The task ::
Take the line that contains "this 1280×1440 image." as the first line and the last line of the material below as the final one; reproduce exactly the lines between, inclusive.

▶

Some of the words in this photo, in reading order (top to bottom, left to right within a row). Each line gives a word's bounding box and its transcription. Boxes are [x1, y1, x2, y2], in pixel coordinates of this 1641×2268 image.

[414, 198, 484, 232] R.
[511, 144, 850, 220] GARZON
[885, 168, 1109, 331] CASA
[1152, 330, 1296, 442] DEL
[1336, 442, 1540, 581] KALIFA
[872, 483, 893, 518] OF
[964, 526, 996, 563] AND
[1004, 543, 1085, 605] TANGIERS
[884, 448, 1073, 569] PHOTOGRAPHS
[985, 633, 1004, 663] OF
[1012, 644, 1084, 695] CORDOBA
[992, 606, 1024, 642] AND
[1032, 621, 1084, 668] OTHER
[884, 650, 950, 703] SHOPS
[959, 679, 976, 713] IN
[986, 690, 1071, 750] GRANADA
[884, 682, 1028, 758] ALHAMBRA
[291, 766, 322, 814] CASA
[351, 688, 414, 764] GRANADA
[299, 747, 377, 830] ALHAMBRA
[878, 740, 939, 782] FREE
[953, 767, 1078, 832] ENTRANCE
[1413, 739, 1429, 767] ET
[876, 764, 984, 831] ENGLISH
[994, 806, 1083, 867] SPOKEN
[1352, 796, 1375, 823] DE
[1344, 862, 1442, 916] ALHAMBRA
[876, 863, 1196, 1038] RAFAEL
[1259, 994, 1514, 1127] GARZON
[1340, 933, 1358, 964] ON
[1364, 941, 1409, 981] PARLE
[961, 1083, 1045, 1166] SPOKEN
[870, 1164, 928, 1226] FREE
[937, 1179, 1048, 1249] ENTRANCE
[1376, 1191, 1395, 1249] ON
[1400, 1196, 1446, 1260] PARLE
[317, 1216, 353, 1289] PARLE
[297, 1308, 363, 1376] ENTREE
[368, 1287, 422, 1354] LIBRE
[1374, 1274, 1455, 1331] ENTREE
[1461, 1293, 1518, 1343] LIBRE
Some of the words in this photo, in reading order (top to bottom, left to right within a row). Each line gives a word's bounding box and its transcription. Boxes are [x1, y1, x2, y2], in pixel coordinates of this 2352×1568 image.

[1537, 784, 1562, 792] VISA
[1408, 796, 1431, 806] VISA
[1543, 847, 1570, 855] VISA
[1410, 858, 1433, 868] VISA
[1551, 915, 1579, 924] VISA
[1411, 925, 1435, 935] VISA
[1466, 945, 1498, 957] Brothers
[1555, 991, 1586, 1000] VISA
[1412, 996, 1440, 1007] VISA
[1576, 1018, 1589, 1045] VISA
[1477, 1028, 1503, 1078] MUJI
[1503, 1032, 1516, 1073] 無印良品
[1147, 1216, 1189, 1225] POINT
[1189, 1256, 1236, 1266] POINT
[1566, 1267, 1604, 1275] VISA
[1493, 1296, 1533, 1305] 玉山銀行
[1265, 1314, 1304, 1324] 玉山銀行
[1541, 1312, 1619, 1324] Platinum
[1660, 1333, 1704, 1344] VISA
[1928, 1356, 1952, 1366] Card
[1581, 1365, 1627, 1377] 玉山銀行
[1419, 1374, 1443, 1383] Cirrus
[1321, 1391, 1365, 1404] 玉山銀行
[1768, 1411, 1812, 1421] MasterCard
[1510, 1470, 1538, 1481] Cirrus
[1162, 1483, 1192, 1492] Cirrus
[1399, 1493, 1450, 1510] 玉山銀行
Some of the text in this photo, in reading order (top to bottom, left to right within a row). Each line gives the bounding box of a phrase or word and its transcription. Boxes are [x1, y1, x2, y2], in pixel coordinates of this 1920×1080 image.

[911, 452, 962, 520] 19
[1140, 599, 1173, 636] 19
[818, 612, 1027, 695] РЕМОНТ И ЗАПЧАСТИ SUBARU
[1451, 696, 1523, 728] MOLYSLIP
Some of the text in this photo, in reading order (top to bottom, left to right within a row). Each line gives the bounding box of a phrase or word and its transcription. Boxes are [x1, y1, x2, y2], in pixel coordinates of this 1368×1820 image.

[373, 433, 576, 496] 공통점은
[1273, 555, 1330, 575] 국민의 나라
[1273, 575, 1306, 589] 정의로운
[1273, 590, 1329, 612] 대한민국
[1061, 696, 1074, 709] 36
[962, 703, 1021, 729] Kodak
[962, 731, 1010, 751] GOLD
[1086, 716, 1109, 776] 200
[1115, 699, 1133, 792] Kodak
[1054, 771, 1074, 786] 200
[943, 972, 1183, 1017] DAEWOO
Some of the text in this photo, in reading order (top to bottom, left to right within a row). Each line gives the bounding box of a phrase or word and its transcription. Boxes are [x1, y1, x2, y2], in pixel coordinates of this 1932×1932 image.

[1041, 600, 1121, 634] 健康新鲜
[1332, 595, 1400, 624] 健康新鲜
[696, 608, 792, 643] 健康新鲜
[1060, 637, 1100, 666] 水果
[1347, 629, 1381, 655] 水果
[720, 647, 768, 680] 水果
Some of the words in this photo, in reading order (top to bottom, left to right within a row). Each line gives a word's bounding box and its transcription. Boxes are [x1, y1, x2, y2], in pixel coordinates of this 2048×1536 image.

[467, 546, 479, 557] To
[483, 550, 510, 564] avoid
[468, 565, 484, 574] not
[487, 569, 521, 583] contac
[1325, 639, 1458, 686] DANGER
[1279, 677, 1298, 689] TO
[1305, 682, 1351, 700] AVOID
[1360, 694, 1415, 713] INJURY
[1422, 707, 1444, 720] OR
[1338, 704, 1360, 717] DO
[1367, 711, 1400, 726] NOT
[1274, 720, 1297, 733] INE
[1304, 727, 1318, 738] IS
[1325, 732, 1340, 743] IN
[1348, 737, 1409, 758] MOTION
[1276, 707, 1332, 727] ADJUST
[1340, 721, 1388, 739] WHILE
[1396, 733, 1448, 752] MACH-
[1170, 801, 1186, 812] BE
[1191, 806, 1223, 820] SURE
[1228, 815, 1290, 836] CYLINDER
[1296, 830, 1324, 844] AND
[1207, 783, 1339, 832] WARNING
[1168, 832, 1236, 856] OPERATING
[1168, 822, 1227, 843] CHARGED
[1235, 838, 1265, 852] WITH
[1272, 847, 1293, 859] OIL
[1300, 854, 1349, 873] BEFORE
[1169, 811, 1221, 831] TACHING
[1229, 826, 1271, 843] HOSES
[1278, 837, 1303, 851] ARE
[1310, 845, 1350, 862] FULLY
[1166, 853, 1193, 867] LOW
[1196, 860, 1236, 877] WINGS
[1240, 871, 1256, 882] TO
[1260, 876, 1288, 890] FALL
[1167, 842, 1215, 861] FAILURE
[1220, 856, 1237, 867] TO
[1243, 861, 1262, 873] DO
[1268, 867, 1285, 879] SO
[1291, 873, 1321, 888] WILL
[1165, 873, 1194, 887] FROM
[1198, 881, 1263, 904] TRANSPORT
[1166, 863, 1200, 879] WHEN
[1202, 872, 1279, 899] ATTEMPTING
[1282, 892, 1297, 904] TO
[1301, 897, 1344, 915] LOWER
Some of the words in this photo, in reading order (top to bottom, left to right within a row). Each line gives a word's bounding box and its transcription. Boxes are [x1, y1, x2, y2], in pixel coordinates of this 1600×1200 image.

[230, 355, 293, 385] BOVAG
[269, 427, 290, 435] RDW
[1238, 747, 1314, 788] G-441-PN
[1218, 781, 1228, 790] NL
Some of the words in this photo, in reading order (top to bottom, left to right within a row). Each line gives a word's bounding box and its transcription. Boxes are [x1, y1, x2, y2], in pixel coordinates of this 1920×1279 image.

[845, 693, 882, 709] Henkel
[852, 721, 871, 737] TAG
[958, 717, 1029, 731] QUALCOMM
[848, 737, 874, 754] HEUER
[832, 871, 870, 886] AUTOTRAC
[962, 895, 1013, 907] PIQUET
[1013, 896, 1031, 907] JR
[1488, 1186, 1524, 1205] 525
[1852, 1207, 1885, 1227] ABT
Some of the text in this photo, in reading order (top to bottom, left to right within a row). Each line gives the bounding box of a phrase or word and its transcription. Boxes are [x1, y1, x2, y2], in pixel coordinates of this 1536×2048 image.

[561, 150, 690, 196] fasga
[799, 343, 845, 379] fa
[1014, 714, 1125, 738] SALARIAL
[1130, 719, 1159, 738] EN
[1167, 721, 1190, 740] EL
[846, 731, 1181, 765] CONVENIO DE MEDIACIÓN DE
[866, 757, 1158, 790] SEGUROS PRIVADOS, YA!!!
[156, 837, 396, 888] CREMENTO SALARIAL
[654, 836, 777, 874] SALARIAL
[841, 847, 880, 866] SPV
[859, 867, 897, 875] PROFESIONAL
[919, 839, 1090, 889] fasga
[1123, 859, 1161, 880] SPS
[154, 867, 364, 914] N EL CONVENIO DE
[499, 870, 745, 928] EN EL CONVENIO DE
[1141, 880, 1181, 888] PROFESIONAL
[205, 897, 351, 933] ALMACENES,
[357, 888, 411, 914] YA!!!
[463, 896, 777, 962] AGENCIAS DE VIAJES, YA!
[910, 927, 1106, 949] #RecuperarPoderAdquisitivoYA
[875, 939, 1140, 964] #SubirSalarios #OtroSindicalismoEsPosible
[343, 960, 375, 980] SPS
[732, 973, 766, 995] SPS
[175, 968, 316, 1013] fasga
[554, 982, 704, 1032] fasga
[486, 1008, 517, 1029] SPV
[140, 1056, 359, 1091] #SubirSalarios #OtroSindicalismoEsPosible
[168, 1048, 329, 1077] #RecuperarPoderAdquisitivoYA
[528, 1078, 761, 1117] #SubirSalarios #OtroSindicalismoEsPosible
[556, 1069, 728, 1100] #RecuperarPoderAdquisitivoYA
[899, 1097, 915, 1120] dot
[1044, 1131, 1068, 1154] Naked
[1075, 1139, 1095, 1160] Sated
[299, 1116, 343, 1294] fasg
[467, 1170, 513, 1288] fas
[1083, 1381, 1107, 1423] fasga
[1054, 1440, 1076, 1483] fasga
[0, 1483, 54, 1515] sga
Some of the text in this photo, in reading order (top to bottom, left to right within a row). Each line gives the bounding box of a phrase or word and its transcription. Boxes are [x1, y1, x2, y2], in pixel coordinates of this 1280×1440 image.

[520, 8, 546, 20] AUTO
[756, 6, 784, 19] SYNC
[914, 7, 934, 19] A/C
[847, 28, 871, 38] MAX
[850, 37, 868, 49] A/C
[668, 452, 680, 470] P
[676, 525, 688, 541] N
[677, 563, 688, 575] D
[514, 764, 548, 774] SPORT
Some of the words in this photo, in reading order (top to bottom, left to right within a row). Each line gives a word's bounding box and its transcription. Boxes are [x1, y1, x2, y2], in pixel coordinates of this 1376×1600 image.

◀

Exercise answer ::
Some of the text in this photo, in reading order (top to bottom, left to right within a row). Each line gives the bounding box of a phrase or word and its transcription. Boxes are [x1, y1, x2, y2], in pixel coordinates of this 1280×1440 image.

[520, 8, 546, 20] AUTO
[756, 6, 784, 19] SYNC
[914, 7, 934, 19] A/C
[847, 28, 871, 38] MAX
[850, 37, 868, 49] A/C
[668, 452, 680, 470] P
[676, 525, 688, 541] N
[677, 563, 688, 575] D
[514, 764, 548, 774] SPORT
Some of the words in this photo, in reading order (top to bottom, left to right within a row). Each line gives a word's bounding box and its transcription. Boxes are [x1, y1, x2, y2], in pixel coordinates of this 1376×1600 image.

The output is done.